Work to complete>
What is needed is a faithful transcription of all the data below, pictures excluded.

Collected data
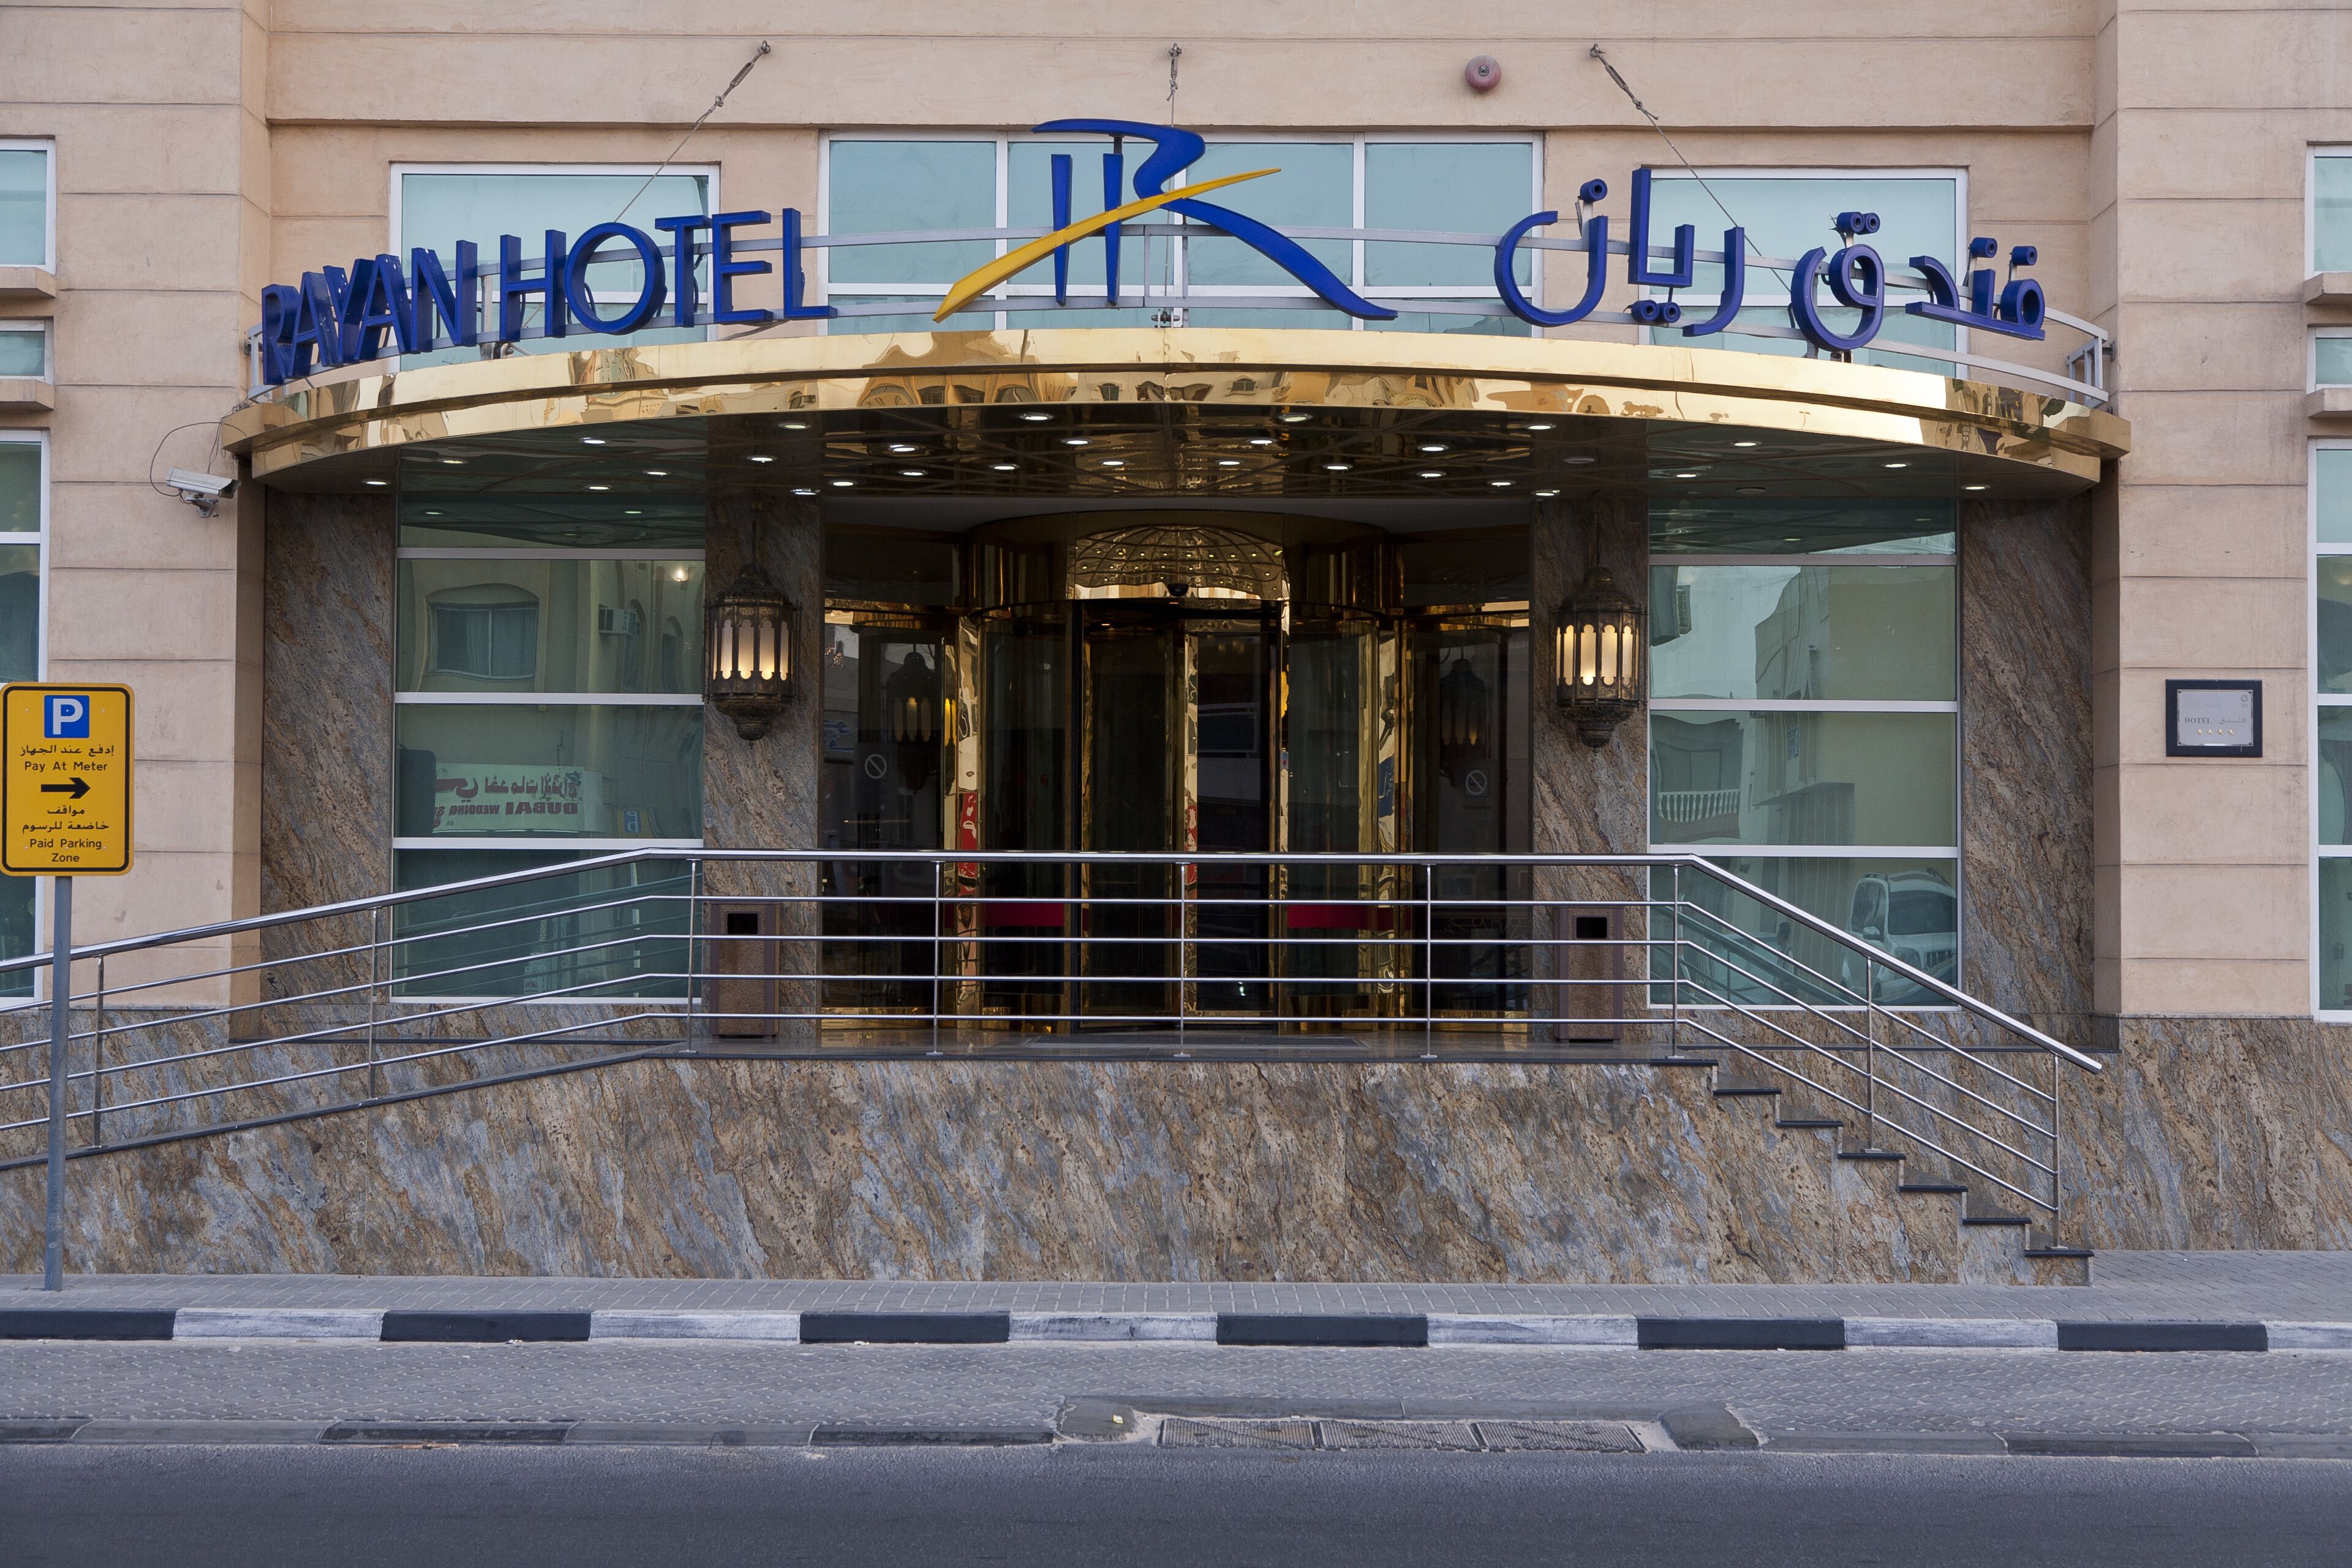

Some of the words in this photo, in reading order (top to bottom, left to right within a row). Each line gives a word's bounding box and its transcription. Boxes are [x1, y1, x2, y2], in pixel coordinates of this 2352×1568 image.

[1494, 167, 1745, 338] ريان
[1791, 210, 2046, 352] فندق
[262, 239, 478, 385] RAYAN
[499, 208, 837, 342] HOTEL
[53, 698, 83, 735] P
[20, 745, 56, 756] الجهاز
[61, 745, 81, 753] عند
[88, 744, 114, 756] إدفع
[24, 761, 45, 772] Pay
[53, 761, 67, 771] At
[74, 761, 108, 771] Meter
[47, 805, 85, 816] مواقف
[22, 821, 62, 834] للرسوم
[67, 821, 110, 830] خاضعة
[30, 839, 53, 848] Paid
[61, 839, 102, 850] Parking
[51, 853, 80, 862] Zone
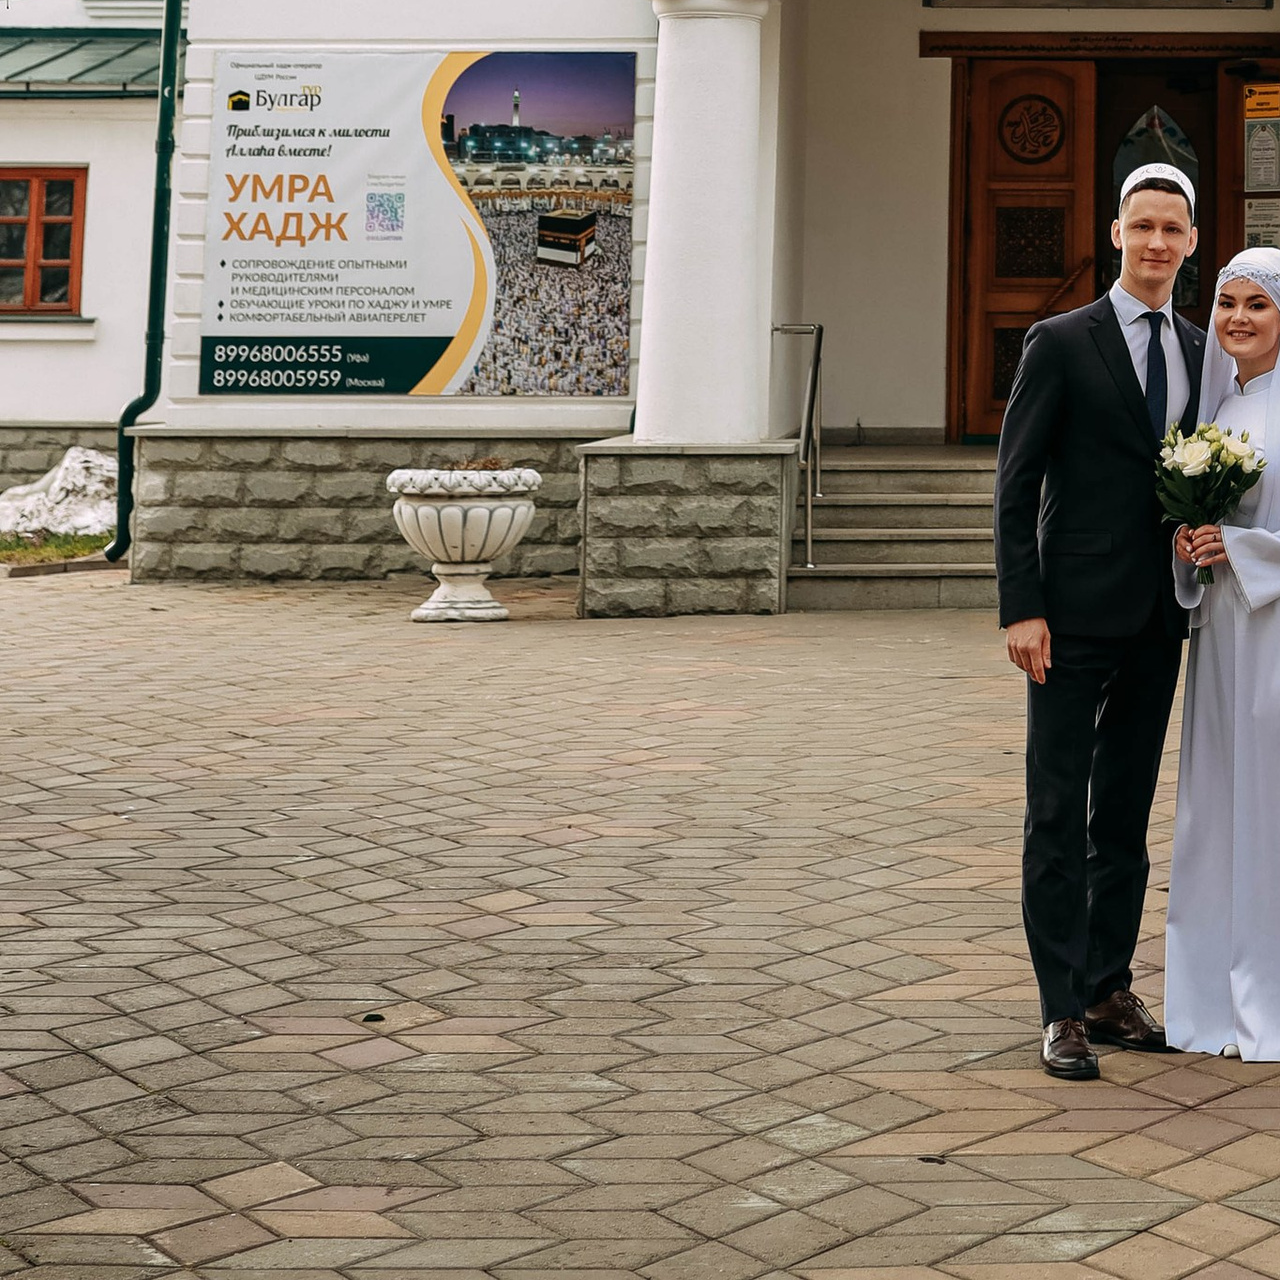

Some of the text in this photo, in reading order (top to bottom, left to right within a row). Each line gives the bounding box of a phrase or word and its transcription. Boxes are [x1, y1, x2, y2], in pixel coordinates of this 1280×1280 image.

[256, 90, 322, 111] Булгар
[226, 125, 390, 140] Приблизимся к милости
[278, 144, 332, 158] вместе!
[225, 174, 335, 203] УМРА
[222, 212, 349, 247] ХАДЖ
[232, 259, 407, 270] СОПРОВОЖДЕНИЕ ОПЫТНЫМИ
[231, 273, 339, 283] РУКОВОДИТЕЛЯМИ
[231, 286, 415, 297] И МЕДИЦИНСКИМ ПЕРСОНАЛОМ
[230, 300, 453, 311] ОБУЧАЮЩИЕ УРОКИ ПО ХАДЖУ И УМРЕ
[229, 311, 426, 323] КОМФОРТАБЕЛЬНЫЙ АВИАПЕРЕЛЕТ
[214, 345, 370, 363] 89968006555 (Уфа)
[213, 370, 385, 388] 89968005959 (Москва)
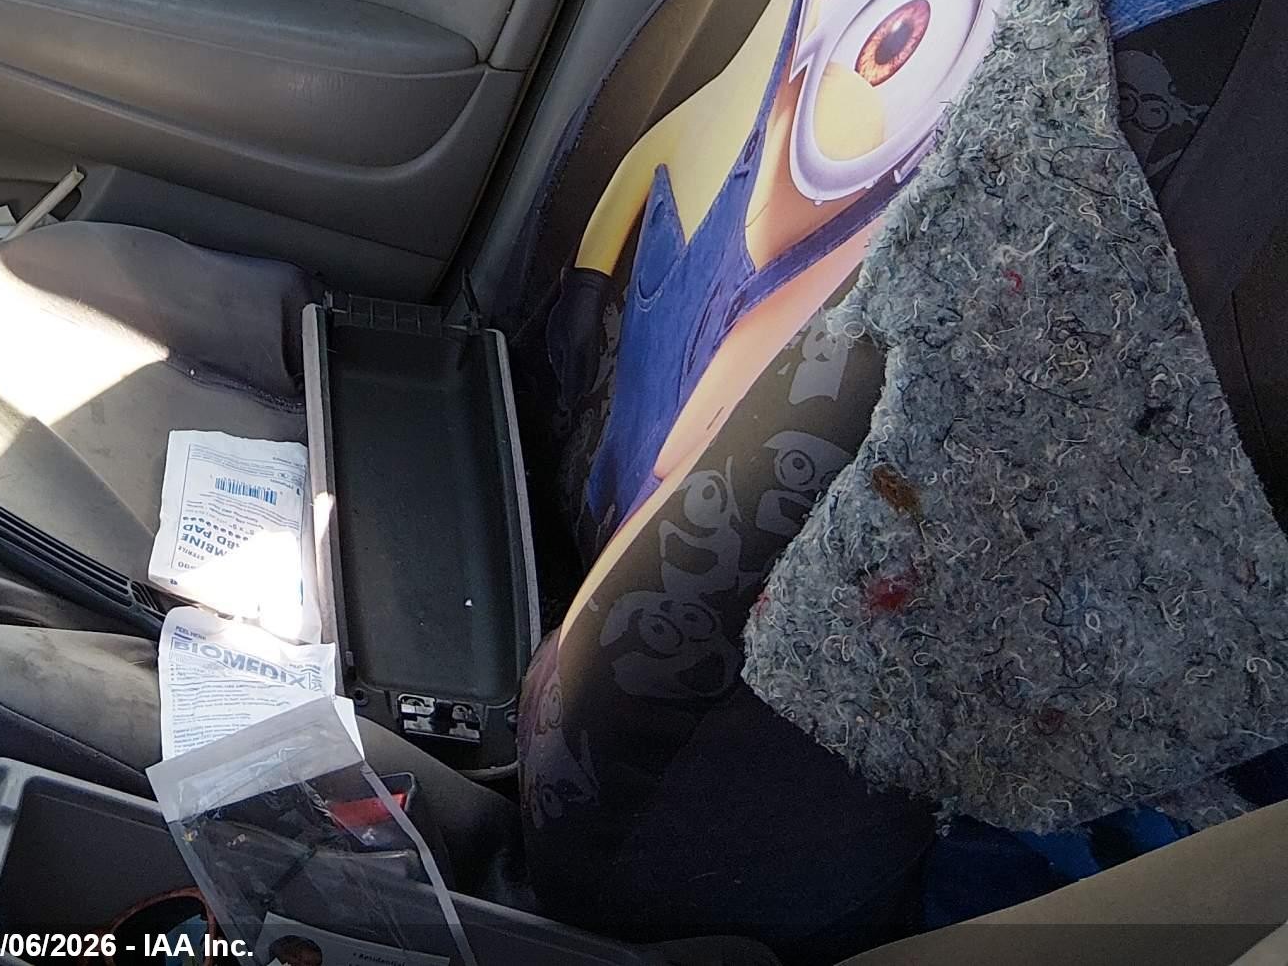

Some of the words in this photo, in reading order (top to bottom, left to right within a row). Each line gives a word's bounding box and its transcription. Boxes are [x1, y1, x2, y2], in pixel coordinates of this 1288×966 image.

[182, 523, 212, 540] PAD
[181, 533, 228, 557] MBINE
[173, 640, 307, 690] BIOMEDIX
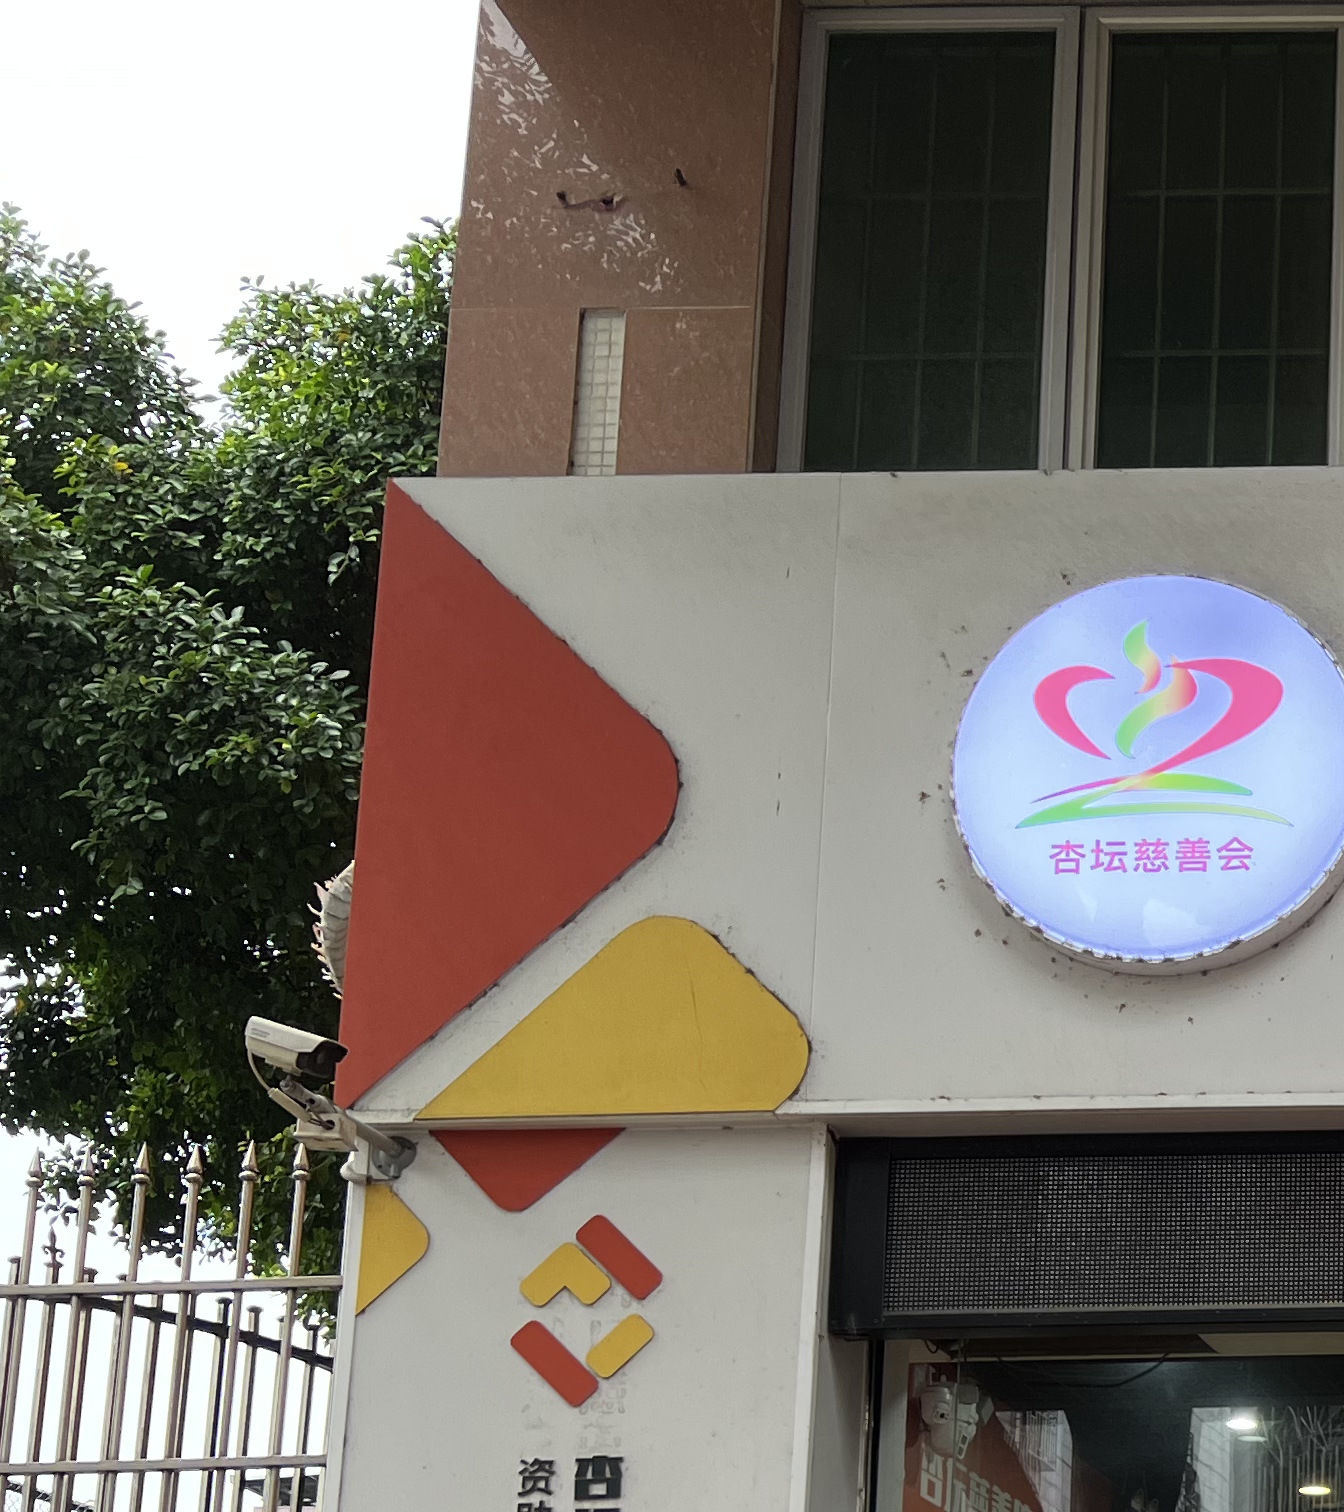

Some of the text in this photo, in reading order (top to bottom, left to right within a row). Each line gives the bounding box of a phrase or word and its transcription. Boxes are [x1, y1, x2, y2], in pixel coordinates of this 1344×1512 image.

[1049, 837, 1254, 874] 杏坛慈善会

Solution to the exercise>
Some of the words in this photo, in reading order (top to bottom, left to right within a row). Each line gives a word's bounding box and its transcription. Boxes are [x1, y1, x2, y2], in pixel coordinates of this 2352×1568 image.

[1494, 167, 1745, 338] ريان
[1791, 210, 2046, 352] فندق
[262, 239, 478, 385] RAYAN
[499, 208, 837, 342] HOTEL
[53, 698, 83, 735] P
[20, 745, 56, 756] الجهاز
[61, 745, 81, 753] عند
[88, 744, 114, 756] إدفع
[24, 761, 45, 772] Pay
[53, 761, 67, 771] At
[74, 761, 108, 771] Meter
[47, 805, 85, 816] مواقف
[22, 821, 62, 834] للرسوم
[67, 821, 110, 830] خاضعة
[30, 839, 53, 848] Paid
[61, 839, 102, 850] Parking
[51, 853, 80, 862] Zone

Some of the text in this photo, in reading order (top to bottom, left to right within a row). Each line gives the bounding box of a phrase or word and its transcription. Boxes are [x1, y1, x2, y2], in pixel coordinates of this 1280×1280 image.

[256, 90, 322, 111] Булгар
[226, 125, 390, 140] Приблизимся к милости
[278, 144, 332, 158] вместе!
[225, 174, 335, 203] УМРА
[222, 212, 349, 247] ХАДЖ
[232, 259, 407, 270] СОПРОВОЖДЕНИЕ ОПЫТНЫМИ
[231, 273, 339, 283] РУКОВОДИТЕЛЯМИ
[231, 286, 415, 297] И МЕДИЦИНСКИМ ПЕРСОНАЛОМ
[230, 300, 453, 311] ОБУЧАЮЩИЕ УРОКИ ПО ХАДЖУ И УМРЕ
[229, 311, 426, 323] КОМФОРТАБЕЛЬНЫЙ АВИАПЕРЕЛЕТ
[214, 345, 370, 363] 89968006555 (Уфа)
[213, 370, 385, 388] 89968005959 (Москва)

Some of the words in this photo, in reading order (top to bottom, left to right within a row). Each line gives a word's bounding box and its transcription. Boxes are [x1, y1, x2, y2], in pixel coordinates of this 1288×966 image.

[182, 523, 212, 540] PAD
[181, 533, 228, 557] MBINE
[173, 640, 307, 690] BIOMEDIX

Some of the text in this photo, in reading order (top to bottom, left to right within a row). Each line gives the bounding box of a phrase or word and its transcription. Boxes are [x1, y1, x2, y2], in pixel coordinates of this 1344×1512 image.

[1049, 837, 1254, 874] 杏坛慈善会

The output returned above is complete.